**About this task:**
The task calls for an exact copy of the records, without any images.

(Spatial localization data)
###

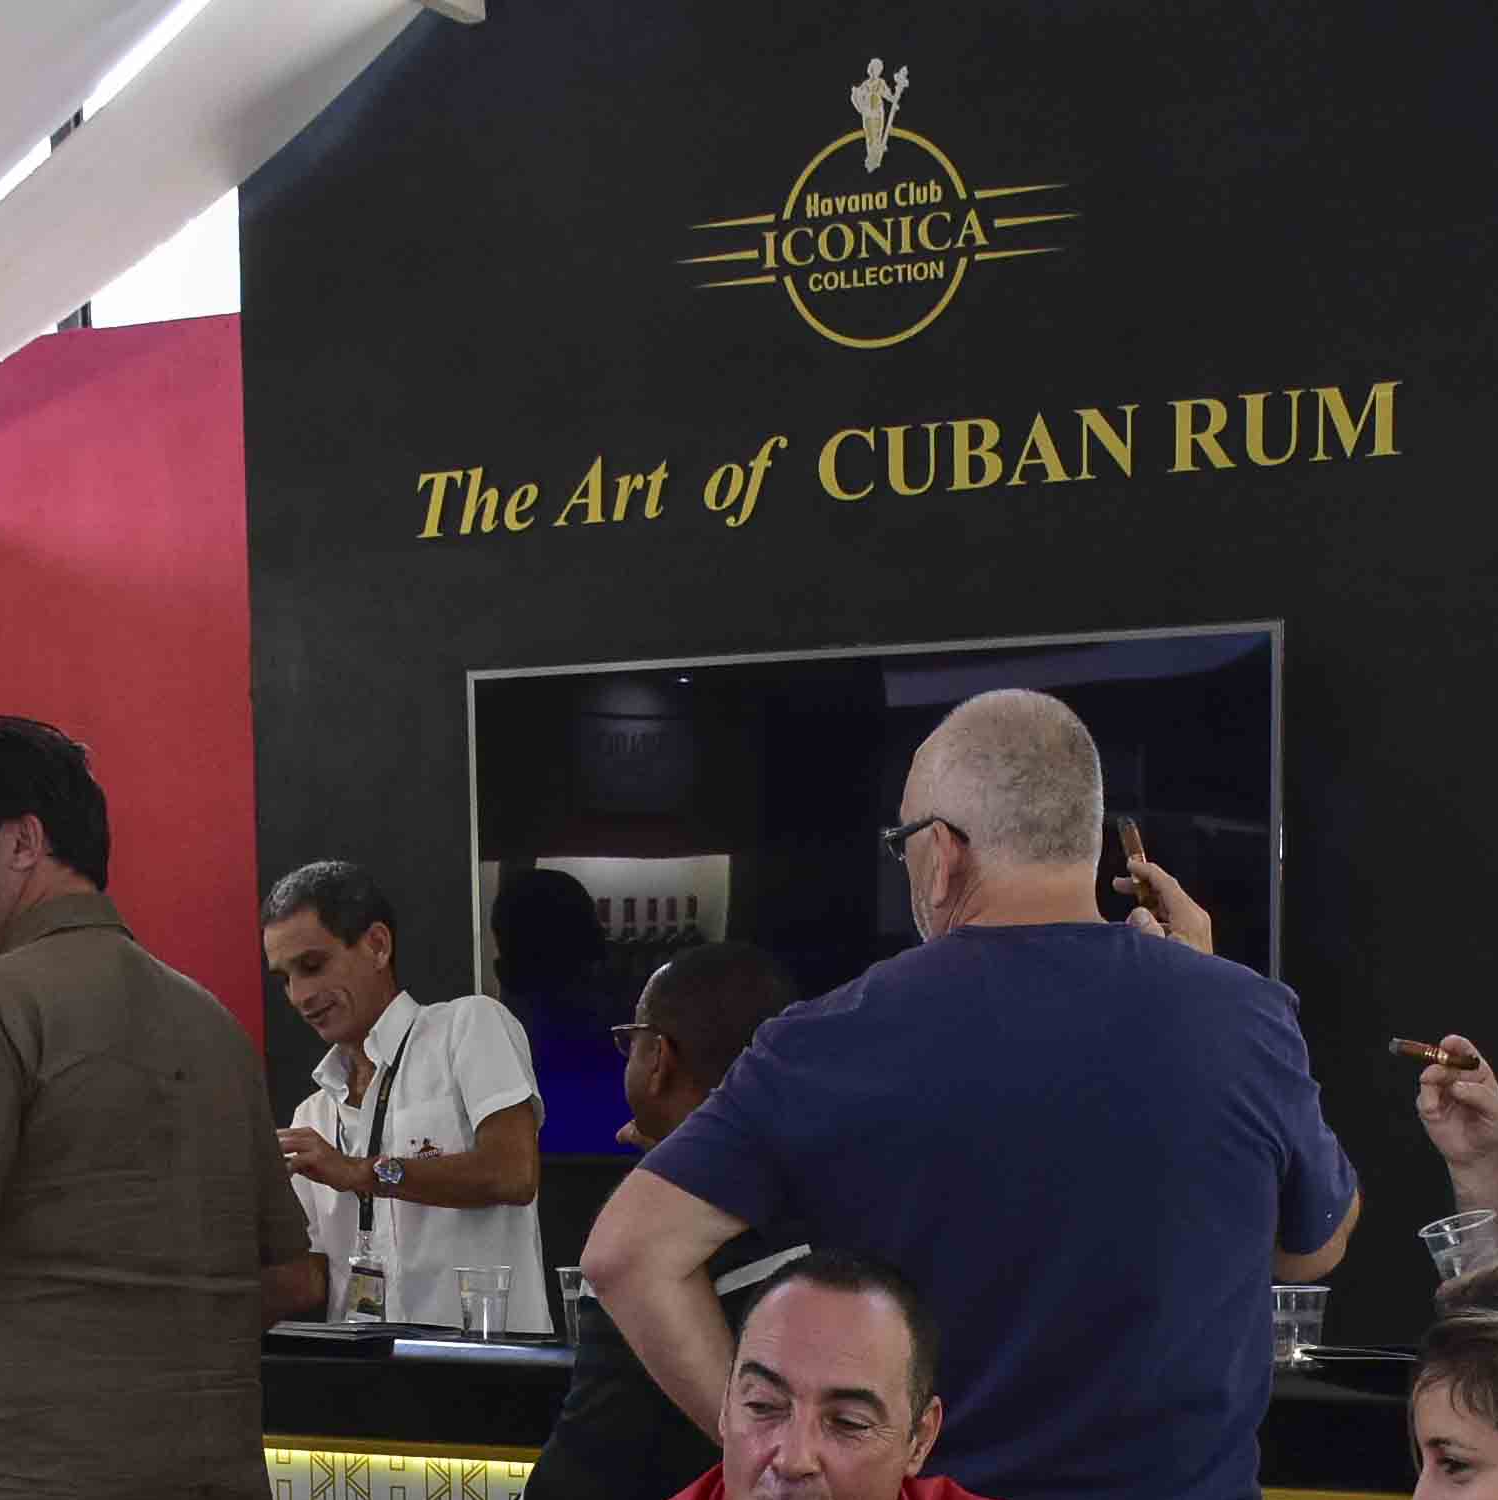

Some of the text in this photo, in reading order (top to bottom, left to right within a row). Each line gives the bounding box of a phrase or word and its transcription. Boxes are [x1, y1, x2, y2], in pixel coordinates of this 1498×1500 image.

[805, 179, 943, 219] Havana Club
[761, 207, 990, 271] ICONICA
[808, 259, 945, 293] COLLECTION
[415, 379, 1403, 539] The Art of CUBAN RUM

###

**Solution to this exercise:**
Some of the text in this photo, in reading order (top to bottom, left to right within a row). Each line gives the bounding box of a phrase or word and its transcription. Boxes are [x1, y1, x2, y2], in pixel coordinates of this 1498×1500 image.

[805, 179, 943, 219] Havana Club
[761, 207, 990, 271] ICONICA
[808, 259, 945, 293] COLLECTION
[415, 379, 1403, 539] The Art of CUBAN RUM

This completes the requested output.